■ ACTIVITY ■
I need the records below retyped exactly.

--- START ---

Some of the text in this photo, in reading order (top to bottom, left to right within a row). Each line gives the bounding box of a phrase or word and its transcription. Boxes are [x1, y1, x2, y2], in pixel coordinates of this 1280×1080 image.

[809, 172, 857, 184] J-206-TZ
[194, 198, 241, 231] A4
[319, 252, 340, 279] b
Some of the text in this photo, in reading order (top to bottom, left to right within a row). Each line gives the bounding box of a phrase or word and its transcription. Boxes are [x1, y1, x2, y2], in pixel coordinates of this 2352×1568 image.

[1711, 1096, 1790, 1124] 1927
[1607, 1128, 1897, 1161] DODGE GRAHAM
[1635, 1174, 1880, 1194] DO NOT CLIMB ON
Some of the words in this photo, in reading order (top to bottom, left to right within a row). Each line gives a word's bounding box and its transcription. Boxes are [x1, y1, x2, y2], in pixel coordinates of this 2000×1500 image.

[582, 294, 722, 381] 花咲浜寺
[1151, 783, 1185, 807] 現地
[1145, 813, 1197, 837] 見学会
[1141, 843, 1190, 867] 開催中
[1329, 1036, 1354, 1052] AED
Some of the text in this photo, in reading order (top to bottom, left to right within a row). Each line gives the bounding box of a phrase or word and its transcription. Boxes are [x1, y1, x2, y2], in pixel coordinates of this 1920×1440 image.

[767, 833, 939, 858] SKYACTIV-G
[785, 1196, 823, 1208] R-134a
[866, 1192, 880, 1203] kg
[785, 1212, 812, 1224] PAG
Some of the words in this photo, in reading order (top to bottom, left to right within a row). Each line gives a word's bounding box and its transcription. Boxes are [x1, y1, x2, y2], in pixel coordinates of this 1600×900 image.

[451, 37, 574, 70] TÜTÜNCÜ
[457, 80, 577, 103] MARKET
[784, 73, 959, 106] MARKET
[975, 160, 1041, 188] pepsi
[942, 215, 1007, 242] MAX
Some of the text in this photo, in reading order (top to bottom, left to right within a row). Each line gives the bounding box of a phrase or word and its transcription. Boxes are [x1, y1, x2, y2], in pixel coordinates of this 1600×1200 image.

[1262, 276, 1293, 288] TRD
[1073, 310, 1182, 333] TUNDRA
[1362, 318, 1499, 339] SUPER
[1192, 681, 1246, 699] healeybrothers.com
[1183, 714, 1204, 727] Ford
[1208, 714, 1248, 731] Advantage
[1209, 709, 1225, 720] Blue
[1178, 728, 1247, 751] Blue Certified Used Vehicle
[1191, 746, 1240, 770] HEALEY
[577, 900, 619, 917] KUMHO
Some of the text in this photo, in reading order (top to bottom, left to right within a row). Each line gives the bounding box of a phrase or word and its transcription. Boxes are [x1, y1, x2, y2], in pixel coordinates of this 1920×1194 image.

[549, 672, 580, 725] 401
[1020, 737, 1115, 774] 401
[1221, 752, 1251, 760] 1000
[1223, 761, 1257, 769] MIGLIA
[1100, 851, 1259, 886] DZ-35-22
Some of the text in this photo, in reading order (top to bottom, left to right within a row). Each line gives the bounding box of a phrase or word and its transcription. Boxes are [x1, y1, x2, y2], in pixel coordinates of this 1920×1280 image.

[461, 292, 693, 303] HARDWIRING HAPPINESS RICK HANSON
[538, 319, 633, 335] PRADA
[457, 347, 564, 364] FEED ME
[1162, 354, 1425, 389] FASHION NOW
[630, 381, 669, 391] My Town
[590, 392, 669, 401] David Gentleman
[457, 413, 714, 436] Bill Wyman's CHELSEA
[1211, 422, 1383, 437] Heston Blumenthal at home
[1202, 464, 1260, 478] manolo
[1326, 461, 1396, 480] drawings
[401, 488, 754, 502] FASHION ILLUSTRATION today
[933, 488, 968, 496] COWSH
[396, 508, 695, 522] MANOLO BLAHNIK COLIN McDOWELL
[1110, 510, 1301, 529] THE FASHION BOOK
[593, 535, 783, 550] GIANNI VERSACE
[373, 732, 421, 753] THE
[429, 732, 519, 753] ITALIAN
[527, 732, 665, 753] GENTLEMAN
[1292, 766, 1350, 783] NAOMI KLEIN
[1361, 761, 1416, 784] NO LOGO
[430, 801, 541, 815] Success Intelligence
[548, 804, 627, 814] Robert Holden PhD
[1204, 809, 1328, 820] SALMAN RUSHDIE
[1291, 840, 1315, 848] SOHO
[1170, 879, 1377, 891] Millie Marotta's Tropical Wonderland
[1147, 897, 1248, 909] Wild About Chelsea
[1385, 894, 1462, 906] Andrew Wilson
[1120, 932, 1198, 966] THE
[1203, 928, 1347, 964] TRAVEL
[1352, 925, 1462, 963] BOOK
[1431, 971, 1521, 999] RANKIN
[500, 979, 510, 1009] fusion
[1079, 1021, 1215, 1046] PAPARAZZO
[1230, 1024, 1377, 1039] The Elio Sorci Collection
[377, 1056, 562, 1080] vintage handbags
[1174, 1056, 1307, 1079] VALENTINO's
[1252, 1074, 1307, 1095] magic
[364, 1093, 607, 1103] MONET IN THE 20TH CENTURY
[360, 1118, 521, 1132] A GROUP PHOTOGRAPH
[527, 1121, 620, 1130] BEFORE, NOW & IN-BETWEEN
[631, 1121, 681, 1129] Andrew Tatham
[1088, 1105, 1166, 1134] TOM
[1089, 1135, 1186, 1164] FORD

--- END ---

■ ANSWER AREA ■
Some of the text in this photo, in reading order (top to bottom, left to right within a row). Each line gives the bounding box of a phrase or word and its transcription. Boxes are [x1, y1, x2, y2], in pixel coordinates of this 1280×1080 image.

[809, 172, 857, 184] J-206-TZ
[194, 198, 241, 231] A4
[319, 252, 340, 279] b
Some of the text in this photo, in reading order (top to bottom, left to right within a row). Each line gives the bounding box of a phrase or word and its transcription. Boxes are [x1, y1, x2, y2], in pixel coordinates of this 2352×1568 image.

[1711, 1096, 1790, 1124] 1927
[1607, 1128, 1897, 1161] DODGE GRAHAM
[1635, 1174, 1880, 1194] DO NOT CLIMB ON
Some of the words in this photo, in reading order (top to bottom, left to right within a row). Each line gives a word's bounding box and its transcription. Boxes are [x1, y1, x2, y2], in pixel coordinates of this 2000×1500 image.

[582, 294, 722, 381] 花咲浜寺
[1151, 783, 1185, 807] 現地
[1145, 813, 1197, 837] 見学会
[1141, 843, 1190, 867] 開催中
[1329, 1036, 1354, 1052] AED
Some of the text in this photo, in reading order (top to bottom, left to right within a row). Each line gives the bounding box of a phrase or word and its transcription. Boxes are [x1, y1, x2, y2], in pixel coordinates of this 1920×1440 image.

[767, 833, 939, 858] SKYACTIV-G
[785, 1196, 823, 1208] R-134a
[866, 1192, 880, 1203] kg
[785, 1212, 812, 1224] PAG
Some of the words in this photo, in reading order (top to bottom, left to right within a row). Each line gives a word's bounding box and its transcription. Boxes are [x1, y1, x2, y2], in pixel coordinates of this 1600×900 image.

[451, 37, 574, 70] TÜTÜNCÜ
[457, 80, 577, 103] MARKET
[784, 73, 959, 106] MARKET
[975, 160, 1041, 188] pepsi
[942, 215, 1007, 242] MAX
Some of the text in this photo, in reading order (top to bottom, left to right within a row). Each line gives the bounding box of a phrase or word and its transcription. Boxes are [x1, y1, x2, y2], in pixel coordinates of this 1600×1200 image.

[1262, 276, 1293, 288] TRD
[1073, 310, 1182, 333] TUNDRA
[1362, 318, 1499, 339] SUPER
[1192, 681, 1246, 699] healeybrothers.com
[1183, 714, 1204, 727] Ford
[1208, 714, 1248, 731] Advantage
[1209, 709, 1225, 720] Blue
[1178, 728, 1247, 751] Blue Certified Used Vehicle
[1191, 746, 1240, 770] HEALEY
[577, 900, 619, 917] KUMHO
Some of the text in this photo, in reading order (top to bottom, left to right within a row). Each line gives the bounding box of a phrase or word and its transcription. Boxes are [x1, y1, x2, y2], in pixel coordinates of this 1920×1194 image.

[549, 672, 580, 725] 401
[1020, 737, 1115, 774] 401
[1221, 752, 1251, 760] 1000
[1223, 761, 1257, 769] MIGLIA
[1100, 851, 1259, 886] DZ-35-22
Some of the text in this photo, in reading order (top to bottom, left to right within a row). Each line gives the bounding box of a phrase or word and its transcription. Boxes are [x1, y1, x2, y2], in pixel coordinates of this 1920×1280 image.

[461, 292, 693, 303] HARDWIRING HAPPINESS RICK HANSON
[538, 319, 633, 335] PRADA
[457, 347, 564, 364] FEED ME
[1162, 354, 1425, 389] FASHION NOW
[630, 381, 669, 391] My Town
[590, 392, 669, 401] David Gentleman
[457, 413, 714, 436] Bill Wyman's CHELSEA
[1211, 422, 1383, 437] Heston Blumenthal at home
[1202, 464, 1260, 478] manolo
[1326, 461, 1396, 480] drawings
[401, 488, 754, 502] FASHION ILLUSTRATION today
[933, 488, 968, 496] COWSH
[396, 508, 695, 522] MANOLO BLAHNIK COLIN McDOWELL
[1110, 510, 1301, 529] THE FASHION BOOK
[593, 535, 783, 550] GIANNI VERSACE
[373, 732, 421, 753] THE
[429, 732, 519, 753] ITALIAN
[527, 732, 665, 753] GENTLEMAN
[1292, 766, 1350, 783] NAOMI KLEIN
[1361, 761, 1416, 784] NO LOGO
[430, 801, 541, 815] Success Intelligence
[548, 804, 627, 814] Robert Holden PhD
[1204, 809, 1328, 820] SALMAN RUSHDIE
[1291, 840, 1315, 848] SOHO
[1170, 879, 1377, 891] Millie Marotta's Tropical Wonderland
[1147, 897, 1248, 909] Wild About Chelsea
[1385, 894, 1462, 906] Andrew Wilson
[1120, 932, 1198, 966] THE
[1203, 928, 1347, 964] TRAVEL
[1352, 925, 1462, 963] BOOK
[1431, 971, 1521, 999] RANKIN
[500, 979, 510, 1009] fusion
[1079, 1021, 1215, 1046] PAPARAZZO
[1230, 1024, 1377, 1039] The Elio Sorci Collection
[377, 1056, 562, 1080] vintage handbags
[1174, 1056, 1307, 1079] VALENTINO's
[1252, 1074, 1307, 1095] magic
[364, 1093, 607, 1103] MONET IN THE 20TH CENTURY
[360, 1118, 521, 1132] A GROUP PHOTOGRAPH
[527, 1121, 620, 1130] BEFORE, NOW & IN-BETWEEN
[631, 1121, 681, 1129] Andrew Tatham
[1088, 1105, 1166, 1134] TOM
[1089, 1135, 1186, 1164] FORD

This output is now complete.